Maurizio Stefanini, Libero 15/11/2012, 15 novembre 2012
A MORTE IL SOLDATO STRAGISTA DI AFGANI
Il procuratore militare ha chiesto la condanna a morte per Robert Bales: il soldato di fanteria, specialità tiratore scelto, che lo scorso 11 marzo si era reso responsabile della strage di 16 civili afgani, tra cui 9 bambini. Il militare ha 39 anni, sposato con due figli, inquadrato nel secondo battaglione del terzo reggimento della terza brigata della seconda divisione di fanteria di stanza in Afghanistana Camp Belamby, presso Kandahar. Bales era reduce da tre turni in Iraq dove era rimasto in tutto 37 mesi. Ferito nel 2007 a un piede durante la battaglia di Najaf e nel 2010 alla testa in un incidente stradale, quella sera era amareggiato per molti motivi: era stata cassata la sua promozione a sergente; aveva problemi con la moglie; era stata respinta una sua richiesta di trasferimento in un Paese più tranquillo; e tre giorni per poco non era stato ucciso da una bomba messa nei pressi del vicino villaggio di Balandi.
FILM E WHISKY
Dopo essere andato a vedere con alcuni commilitoni un film definito dagli inquirenti «violento», andò a riempirsi di whisky. Poi, dopo mezzanotte, indossò un abito afgano sulla divisa, si armò fino ai denti, andò fino al villaggio dell’attentato, entrò in due case successive, uccise quattro persone e ne ferì sei. Tornò a Camp Belamby, raccontò quello che aveva fatto, ma non gli credettero, ubriaco fradicio come era. «Smettila di dire sciocchezze», gli avrebbe detto un commilitone. Lui allora si armò di nuovo, andò nel villaggio di Alkozai, e ammazzò altre 12 persone. Secondo la moglie e anche l’avvocatessa Emma Scanlan non ricorda niente di quella notte. «Bugie», sostiene il procuratore capo tenente colonnello Jay Morse, «Bales era lucido e coerente». «Il crimine che ha commesso è efferato e spregevole, e molte prove dimostrano che era totalmente cosciente di quello che stava facendo», è la motivazione con cui il procuratore militare Rob Stelle ha motivato la sua richiesta di un processo davanti alla corte marziale e della pena di morte a carico. Comunque, oltre che dei 16 omicidi, di 6 tentati omicidi, di assalto aggravato e di aver dato fuoco ad alcuni cadaveri deve rispondere anche dell’accusa di possesso illecito e uso di steroidi e alcolici in missione. Attualmente il processo è infatti ancora allo stadio di udienza preliminare alla base di Lewis McChord, nello stato di Washington. E il primo passo consiste appunto nella decisione se mandarlo o no di fronte alla corte marziale.

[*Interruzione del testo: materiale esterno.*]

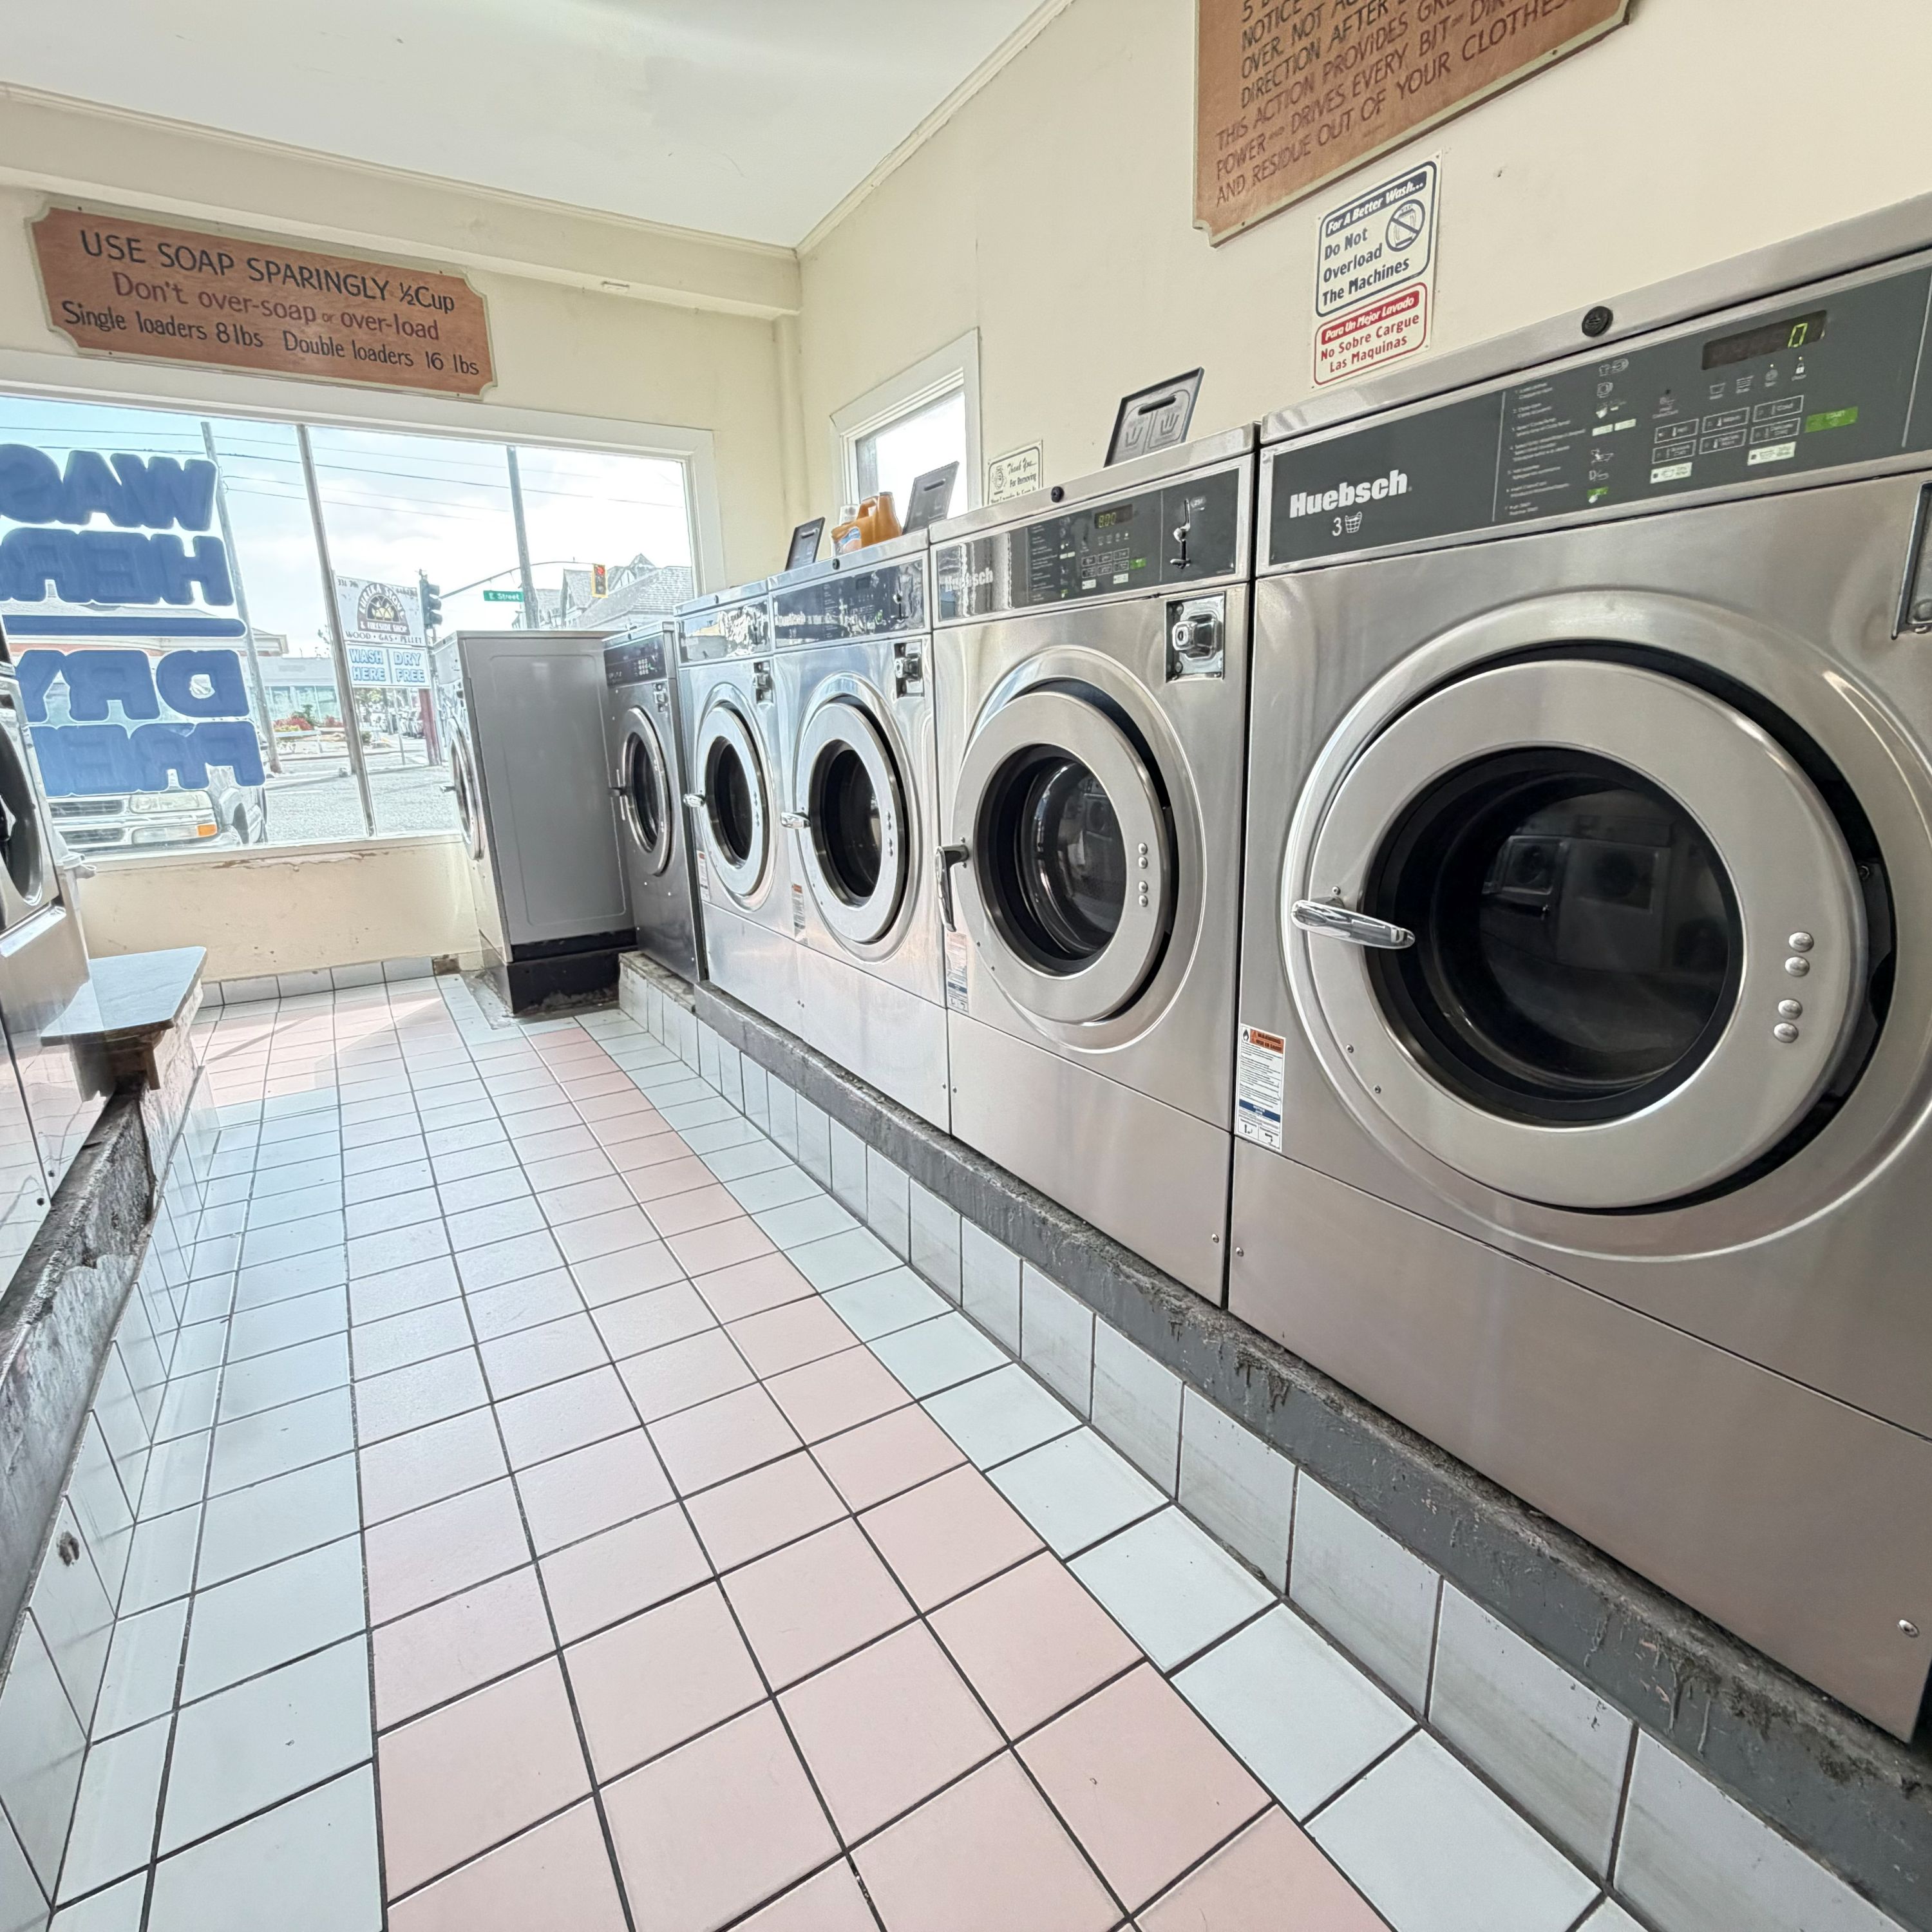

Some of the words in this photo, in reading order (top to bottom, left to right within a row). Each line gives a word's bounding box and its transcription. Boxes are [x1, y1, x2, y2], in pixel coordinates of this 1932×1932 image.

L’avvocatessa Scanlan sostiene che non ci sono ancora elementi sufficienti perché del caso si occupi la corte marziale, ed è necessario un supplemento di indagini «perché sono ancora molti i punti da chiarire». In particolare, per la sua legale, «non si sa se fosse lucido o meno. Ci sono alcuni soldati che hanno testimoniato che la notte prima della strage fosse completamente fuori di sé». In realtà le testimonianze sono discordanti. Altri soldati mostravano particolare raccapriccio al ricordarlo sporco di sangue. Il suo avvocato civile John Henry Browne parla invece di «un patriota, un padre modello e un marito devoto, che è stato traumatizzato dalle ferite in battaglia e che è stato mandato a combattere troppe volte». L’accusa ha invece sottolineato il carattere particolarmente odioso dei crimini, per il fatto che la maggior parte delle vittime, tutte colpite alla testa, erano donne e bambini.
I PRECEDENTI
Nelle forze armate Usa erano stati giustiziati 36 soldati durante la prima guerra mondiale e altri 157 tra 1942 e 1961: 106 per omicidio, 53 per stupro e uno solo per diserzione. Quest’ultimo, il famoso soldato Eddie Slovik, di cui si disse che era stato fucilato proprio per far capire che l’ipotesi di essere fucilati per diserzione non era solo astratta. Ma da 51 anni non c’è più stata più nessuna esecuzione, sebbene la pena di morte sia stata introdotta nell’ordinamento militare Usa nel 1984 e nel 2008 sia stata confermata la condanna a morte per il soldato Ronald A. Gray, arrestato nell’aprile del 1988 per vari omicidi e stupri. Tuttavia l’esecuzione non è stata ancora eseguita. Va ricordato che la strage ha reso ancora più tese la relazioni fra Stati Uniti e il governo di Kabul, secondo cui il processo avrebbe dovuto svolgersi in Afghanistan.